▸ **Exercise instructions**:
Copy all the entries word for word, but omit the pictures.

▸ **Record set**:
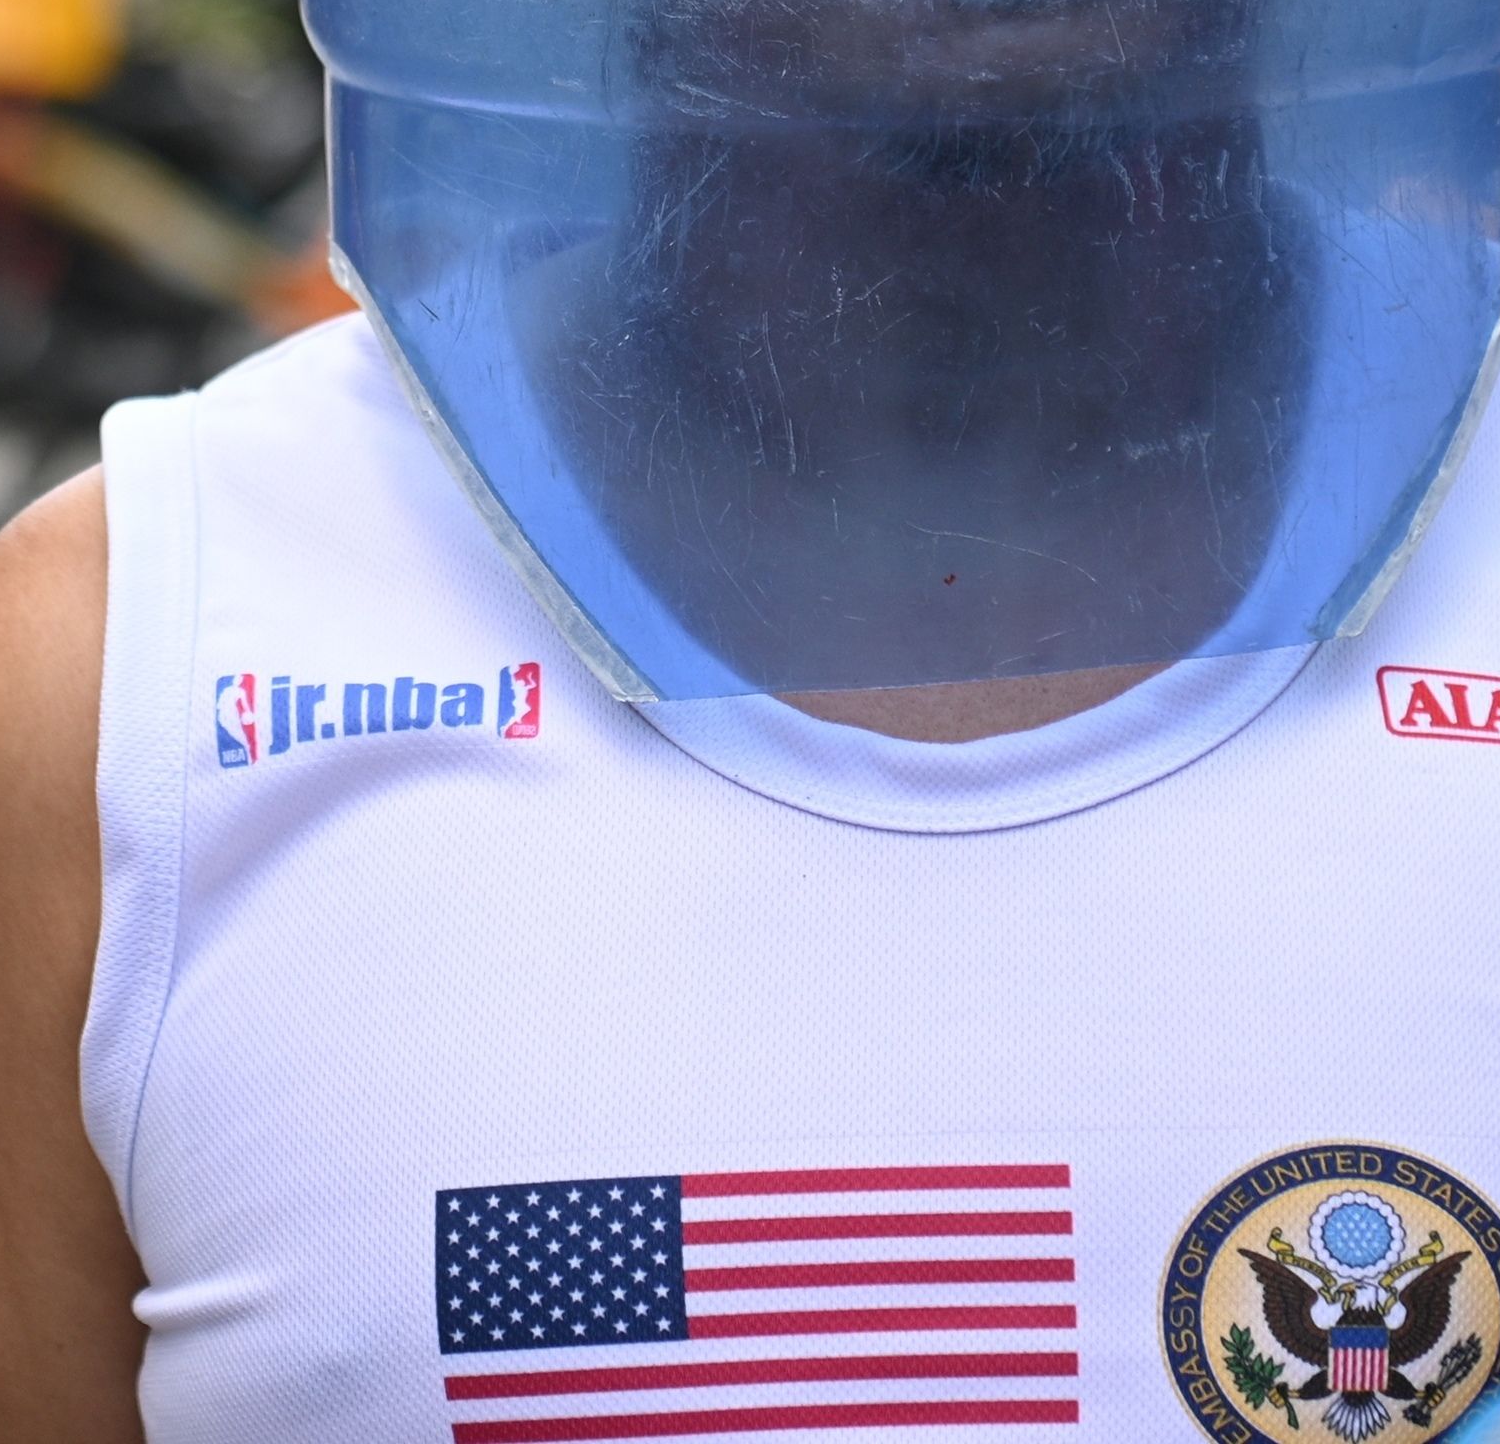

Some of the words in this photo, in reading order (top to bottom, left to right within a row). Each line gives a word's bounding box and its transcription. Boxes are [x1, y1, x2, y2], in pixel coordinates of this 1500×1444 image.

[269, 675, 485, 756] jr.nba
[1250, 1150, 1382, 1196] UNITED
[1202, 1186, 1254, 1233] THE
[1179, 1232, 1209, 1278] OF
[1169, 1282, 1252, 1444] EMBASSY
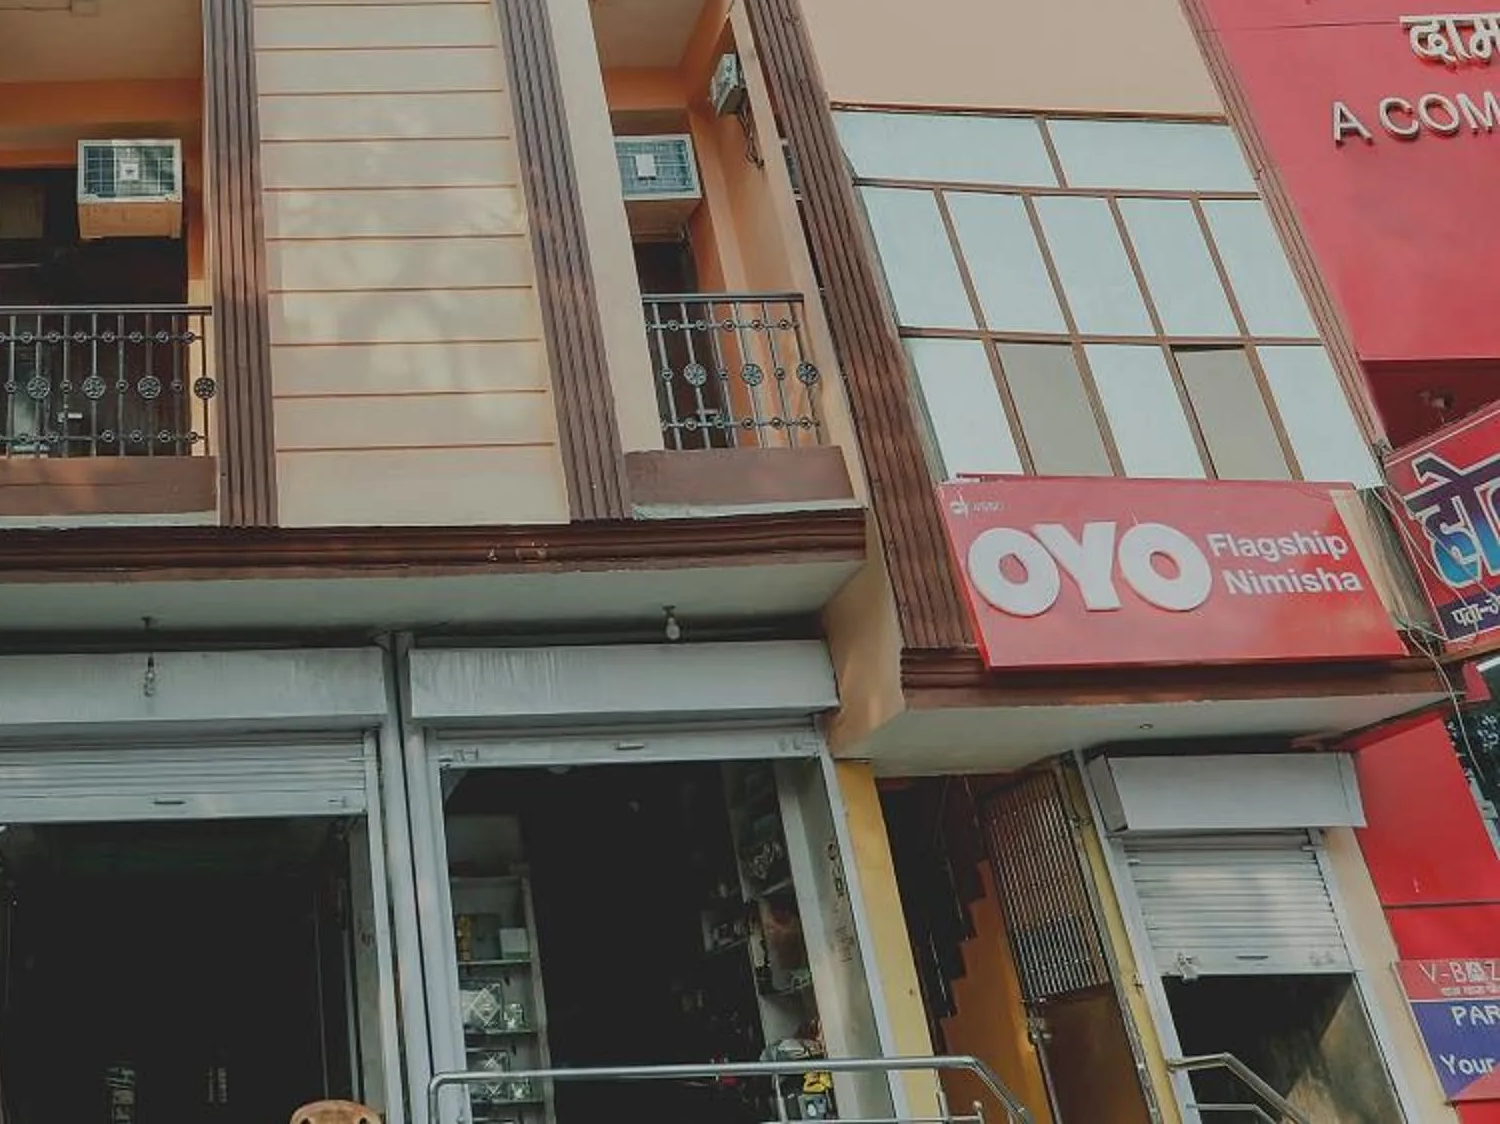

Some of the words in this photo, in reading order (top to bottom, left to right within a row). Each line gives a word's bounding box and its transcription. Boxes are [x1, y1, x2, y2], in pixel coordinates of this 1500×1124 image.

▸ **Answer**:
Some of the words in this photo, in reading order (top to bottom, left to right within a row). Each line gives a word's bounding box and its transcription. Boxes are [x1, y1, x2, y2], in pixel coordinates of this 1500×1444 image.

[269, 675, 485, 756] jr.nba
[1250, 1150, 1382, 1196] UNITED
[1202, 1186, 1254, 1233] THE
[1179, 1232, 1209, 1278] OF
[1169, 1282, 1252, 1444] EMBASSY

Some of the words in this photo, in reading order (top to bottom, left to right within a row). Each line gives a word's bounding box and its transcription. Boxes are [x1, y1, x2, y2], in pixel coordinates of this 1500×1124 image.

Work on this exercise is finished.